Task goal - Could you please reproduce the entries exactly, leaving out any pictures?

Data shown -
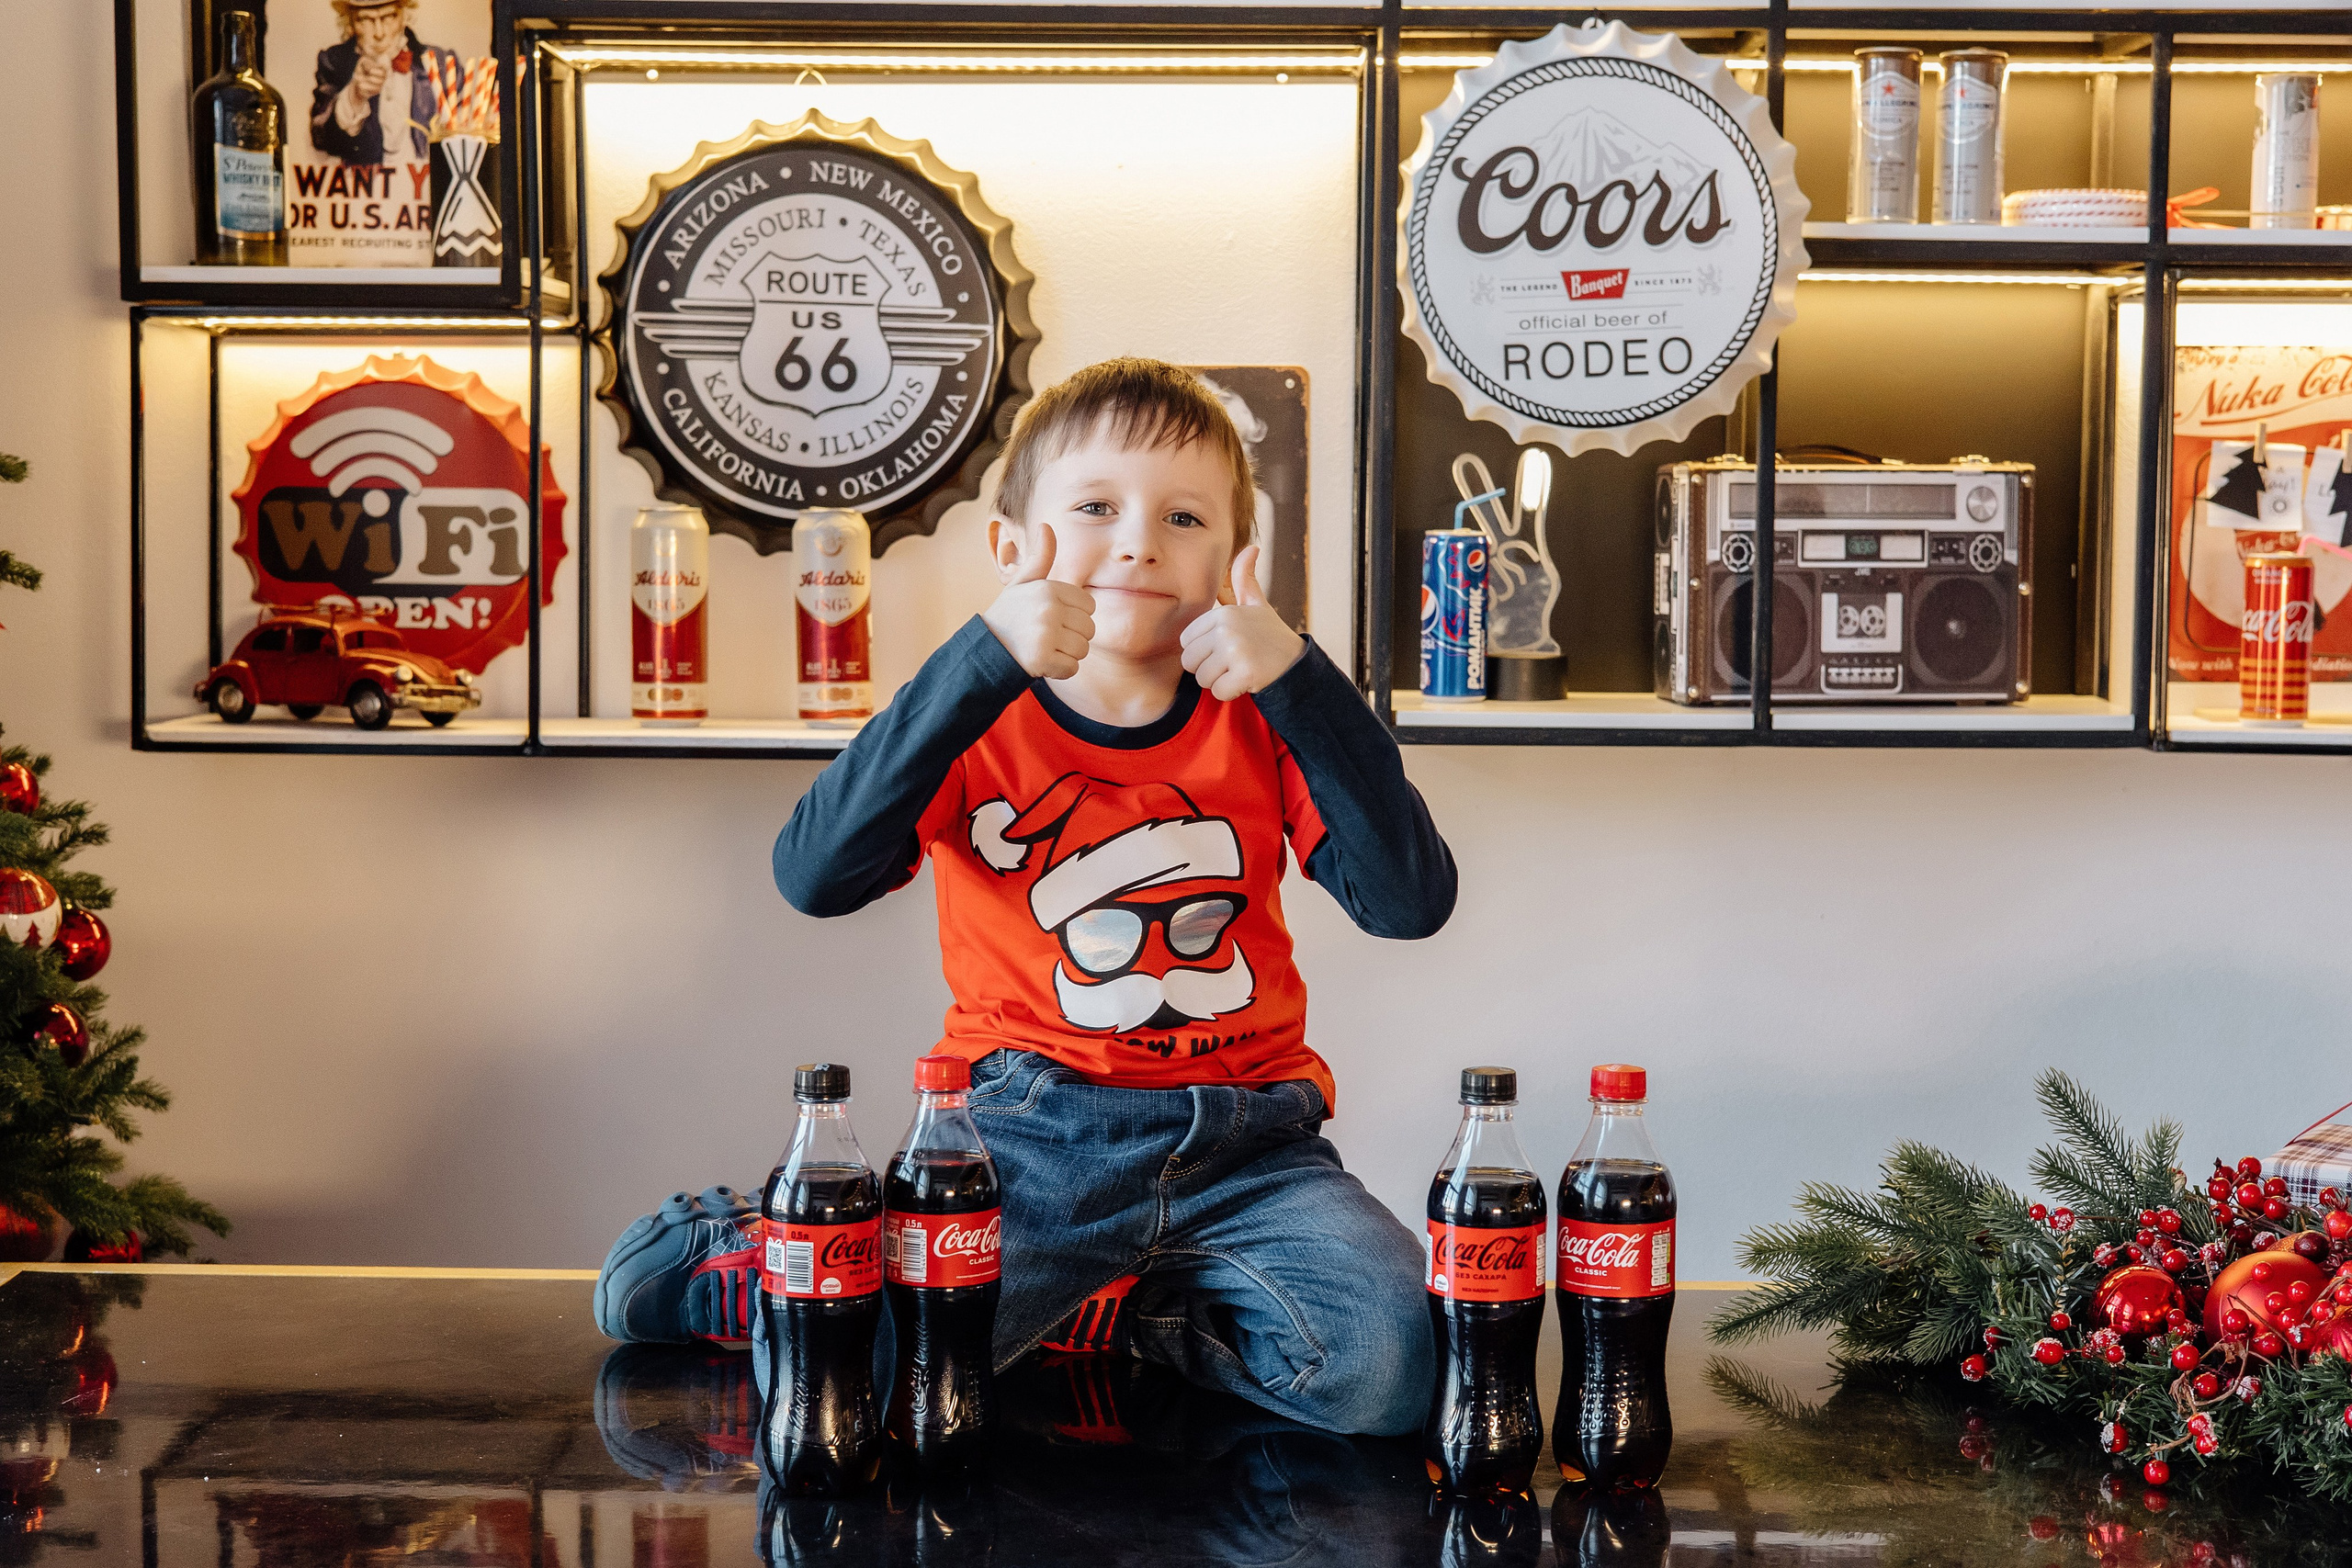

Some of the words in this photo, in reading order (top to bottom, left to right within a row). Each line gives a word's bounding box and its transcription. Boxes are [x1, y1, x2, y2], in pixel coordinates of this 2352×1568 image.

[294, 164, 396, 198] WANT
[1452, 146, 1731, 254] Coors
[662, 171, 768, 270] ARIZONA
[809, 160, 873, 190] NEW
[877, 182, 963, 276] MEXICO
[342, 238, 413, 248] RECRUITING
[703, 208, 827, 288] MISSOURI
[859, 220, 927, 297] TEXAS
[766, 271, 867, 297] ROUTE
[1570, 272, 1624, 299] Banquet
[792, 310, 842, 330] US
[1519, 315, 1587, 332] official
[1594, 313, 1640, 328] beer
[1648, 310, 1667, 324] of
[775, 336, 857, 392] 66
[1503, 336, 1693, 381] RODEO
[2191, 375, 2285, 417] Nuka
[2298, 355, 2352, 399] Col
[705, 370, 791, 453] KANSAS
[819, 377, 925, 457] ILLINOIS
[662, 387, 805, 502] CALIFORNIA
[839, 392, 967, 500] OKLAHOMA
[635, 570, 700, 587] Aldaris
[798, 570, 865, 587] Aldaris
[813, 597, 853, 612] 1865
[969, 1255, 994, 1265] CLASSIC
[1435, 1234, 1531, 1270] Coca-Cola
[1558, 1226, 1646, 1268] Coca-Cola
[1575, 1267, 1608, 1276] CLASSIC

Answer below -
Some of the words in this photo, in reading order (top to bottom, left to right within a row). Each line gives a word's bounding box and its transcription. Boxes are [x1, y1, x2, y2], in pixel coordinates of this 2352×1568 image.

[294, 164, 396, 198] WANT
[1452, 146, 1731, 254] Coors
[662, 171, 768, 270] ARIZONA
[809, 160, 873, 190] NEW
[877, 182, 963, 276] MEXICO
[342, 238, 413, 248] RECRUITING
[703, 208, 827, 288] MISSOURI
[859, 220, 927, 297] TEXAS
[766, 271, 867, 297] ROUTE
[1570, 272, 1624, 299] Banquet
[792, 310, 842, 330] US
[1519, 315, 1587, 332] official
[1594, 313, 1640, 328] beer
[1648, 310, 1667, 324] of
[775, 336, 857, 392] 66
[1503, 336, 1693, 381] RODEO
[2191, 375, 2285, 417] Nuka
[2298, 355, 2352, 399] Col
[705, 370, 791, 453] KANSAS
[819, 377, 925, 457] ILLINOIS
[662, 387, 805, 502] CALIFORNIA
[839, 392, 967, 500] OKLAHOMA
[635, 570, 700, 587] Aldaris
[798, 570, 865, 587] Aldaris
[813, 597, 853, 612] 1865
[969, 1255, 994, 1265] CLASSIC
[1435, 1234, 1531, 1270] Coca-Cola
[1558, 1226, 1646, 1268] Coca-Cola
[1575, 1267, 1608, 1276] CLASSIC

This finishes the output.